By most accounts, Raymond Kurzweil is a high-tech talent. The products of his company, Kurzweil Applied Intelligence, have enabled the blind to work productively using text-recognizing computers and voice-response systems. He sold his first computer program to IBM while still a teenager, and his laurels include Inventor of the Year honors from the Massachusetts Institute of Technology in 1988.

But for Kurzweil, chairman and CEO of KAI, talent has yet to translate into substantial corporate profit. The company didn’t hit the black until last year. To boot, KAI’s net sales in 1990-combined with those of two companies Kurzweil started and sold during the 1980s-amounted to less than $80 million. That’s well below some observers’ expectations for the trio.

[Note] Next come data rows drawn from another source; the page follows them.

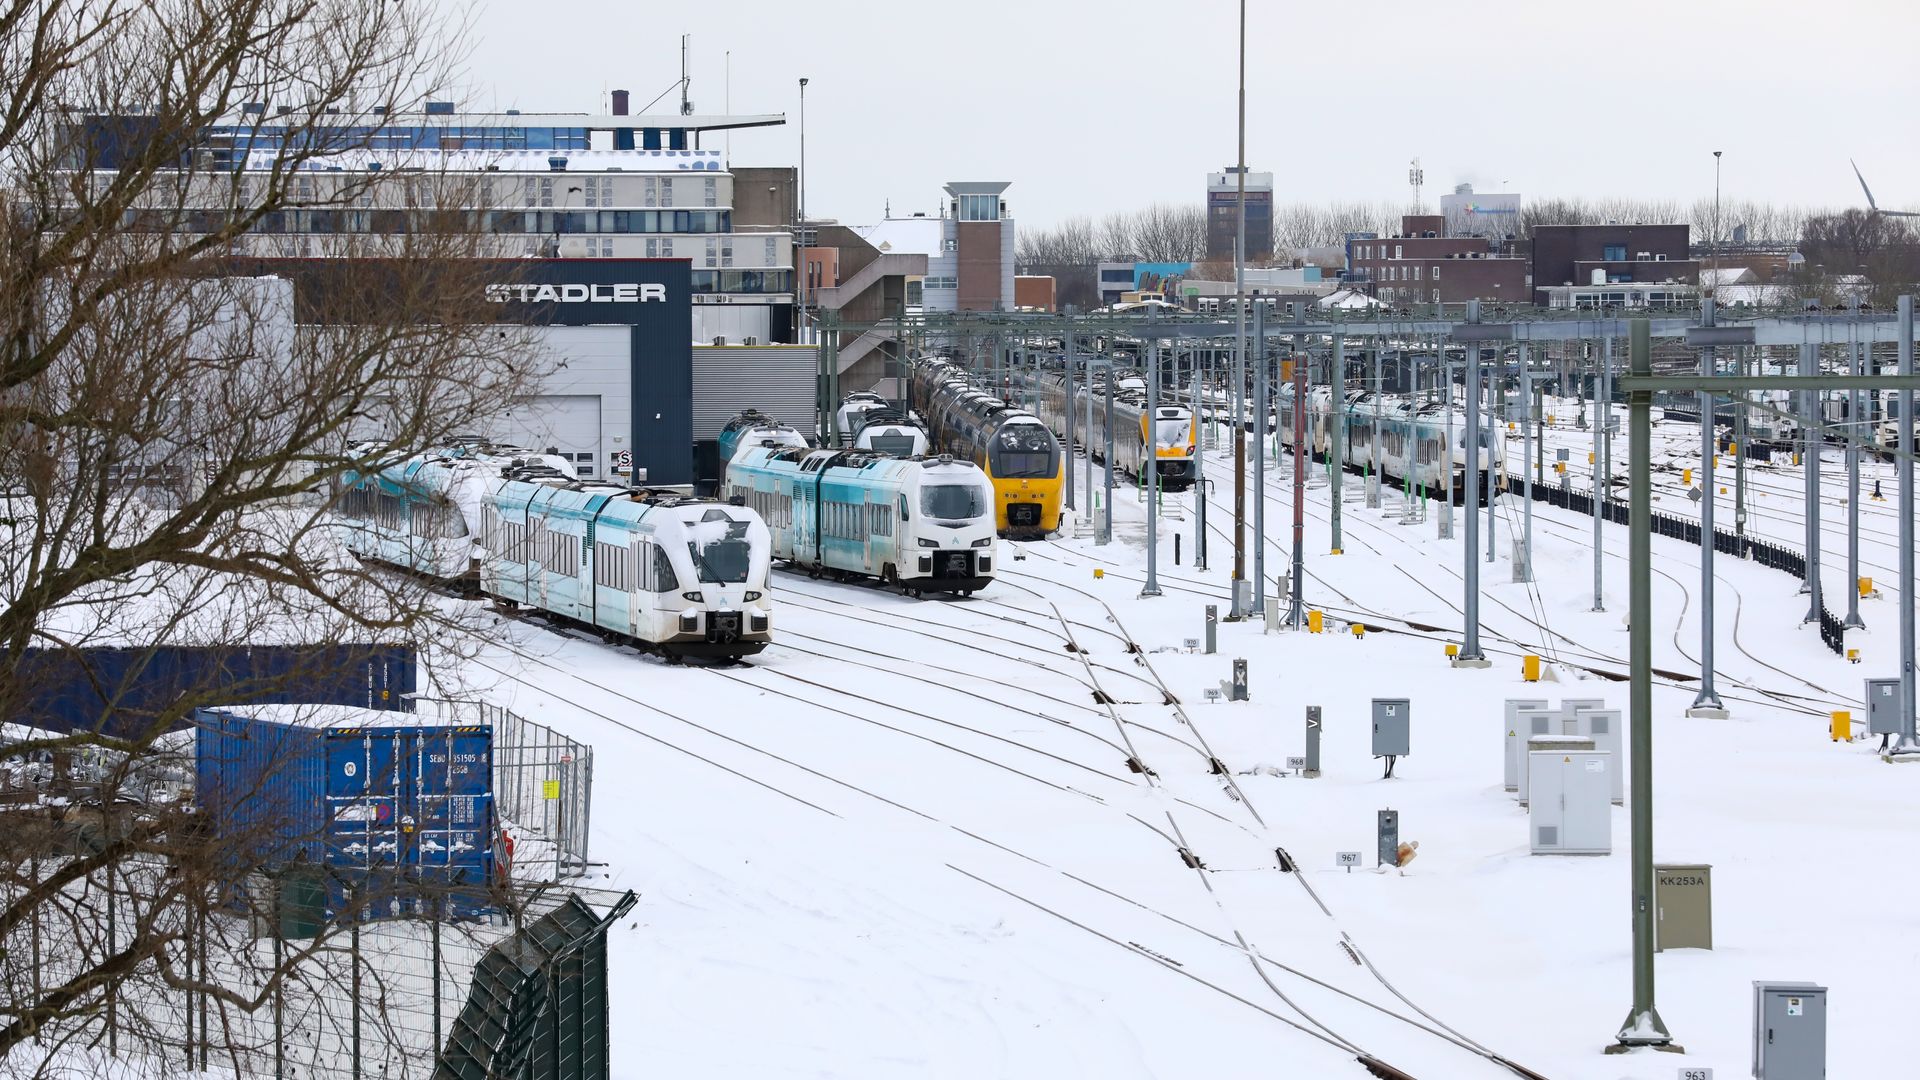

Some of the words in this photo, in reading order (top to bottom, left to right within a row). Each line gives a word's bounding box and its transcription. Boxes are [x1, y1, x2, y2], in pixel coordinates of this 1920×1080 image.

[485, 283, 666, 303] STADLER
[1290, 758, 1304, 766] 968
[1341, 854, 1357, 862] 967
[1660, 876, 1705, 886] KK253A
[1685, 1071, 1706, 1080] 963
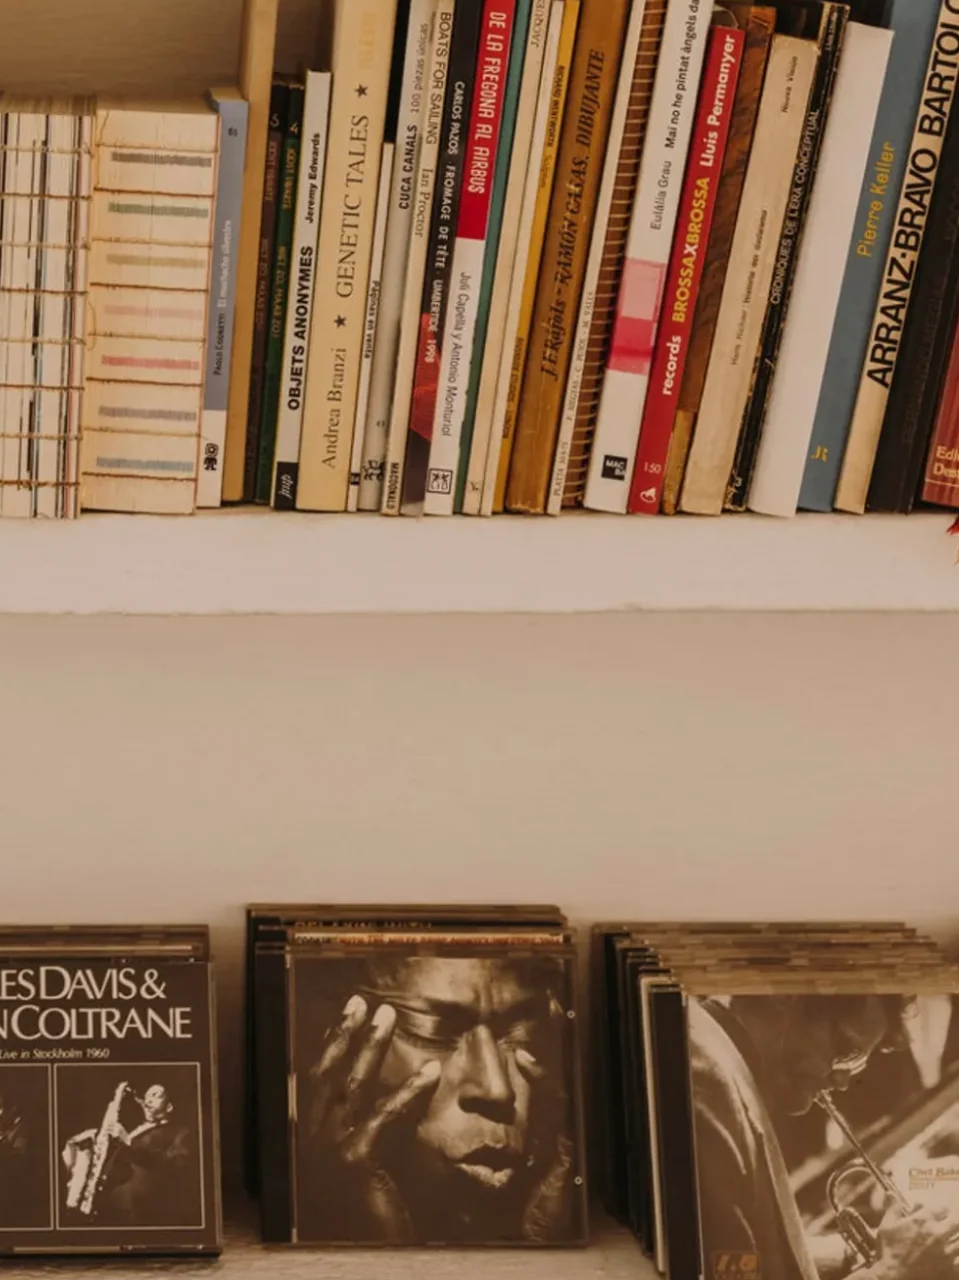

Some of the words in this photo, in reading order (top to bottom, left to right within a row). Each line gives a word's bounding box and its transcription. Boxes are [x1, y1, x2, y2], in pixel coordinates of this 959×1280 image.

[435, 11, 452, 57] BOATS
[489, 11, 507, 29] DE
[680, 15, 698, 54] àngels
[486, 34, 504, 51] LA
[411, 59, 425, 91] piezas
[432, 60, 447, 90] FOR
[478, 57, 502, 117] FREGONA
[675, 56, 691, 91] pintat
[409, 94, 420, 114] 100
[451, 80, 466, 120] CARLOS
[574, 48, 607, 149] DIBUJANTE
[669, 110, 682, 125] no
[672, 93, 685, 108] he
[425, 93, 443, 145] SAILING
[447, 122, 462, 155] PAZOS
[475, 123, 493, 141] AL
[664, 126, 679, 149] Mai
[307, 132, 321, 181] Edwards
[345, 114, 370, 188] TALES
[401, 124, 418, 173] CANALS
[869, 140, 896, 195] Keller
[420, 168, 434, 188] Ian
[467, 146, 491, 195] AIRBUS
[657, 160, 672, 188] Grau
[784, 220, 797, 236] DE
[794, 108, 820, 184] CONCEPTUAL
[304, 183, 319, 224] Jeremy
[398, 176, 413, 210] CUCA
[440, 165, 457, 221] FROMAGE
[414, 191, 431, 238] Proctor
[437, 226, 450, 239] DE
[662, 335, 682, 396] records
[706, 34, 736, 126] Permanyer
[856, 200, 883, 258] Pierre
[335, 194, 362, 298] GENETIC
[293, 246, 314, 341] ANONYMES
[459, 272, 473, 291] Juli
[451, 293, 470, 331] Capella
[424, 338, 438, 364] 1998
[446, 342, 463, 384] Antonio
[288, 345, 305, 411] OBJETS
[326, 348, 347, 402] Branzi
[441, 385, 458, 437] Monturiol
[321, 408, 341, 470] Andrea
[386, 462, 400, 510] MACDONALD
[39, 966, 137, 1000] DAVIS
[140, 968, 167, 1000] &
[10, 1004, 192, 1040] COLTRANE
[20, 1048, 30, 1059] in
[32, 1048, 83, 1060] Stockholm
[86, 1048, 110, 1060] 1960
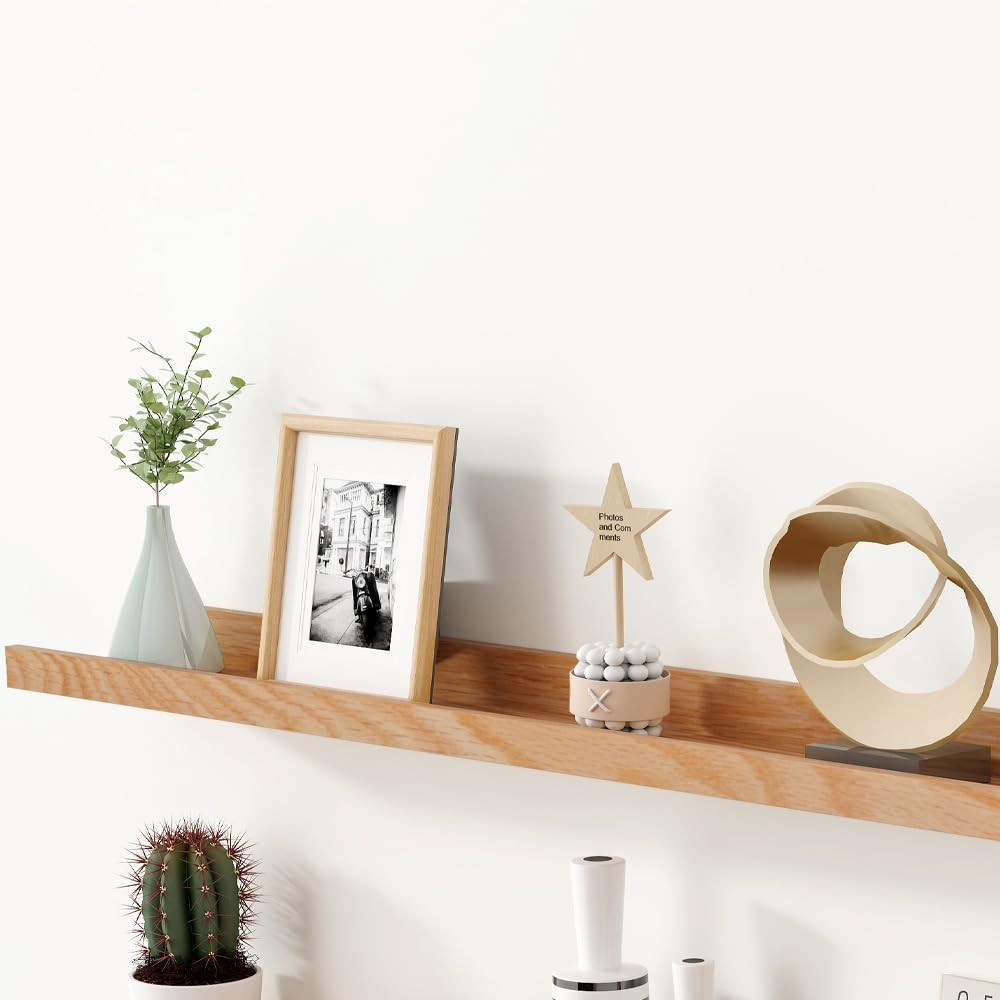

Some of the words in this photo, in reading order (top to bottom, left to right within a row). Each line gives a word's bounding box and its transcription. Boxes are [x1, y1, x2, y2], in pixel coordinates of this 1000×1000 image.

[598, 512, 624, 521] Photos
[598, 523, 613, 531] and
[614, 523, 632, 532] Com
[599, 534, 621, 542] ments

Even so, some maintain a Kurzweil vision-computers that create documents in response to voice commands-could turn on the cash flow. Analysts estimate the market for such a product could reach $20 billion. Lured by such prospects, giant IBM and startup Dragon Systems are also pursuing the idea.

The first test for the Kurzweil brainchild, called Voice Report, will be 400 hospital emergency rooms.

Thus far, Kurzweil has found success in starting technology companies and auctioning them off to bidders: His first company, optical scanner maker Kurzweil Computer Products, was sold to Xerox in 1980 for $6 million. Though doubtless aspiring to mass-market impact, Kurzweil nonetheless claims satisfaction with the role of building a company then handing it off.

“My goal is to launch technologies and see them take hold,” he says. “I don’t have to run the organization myself forever.”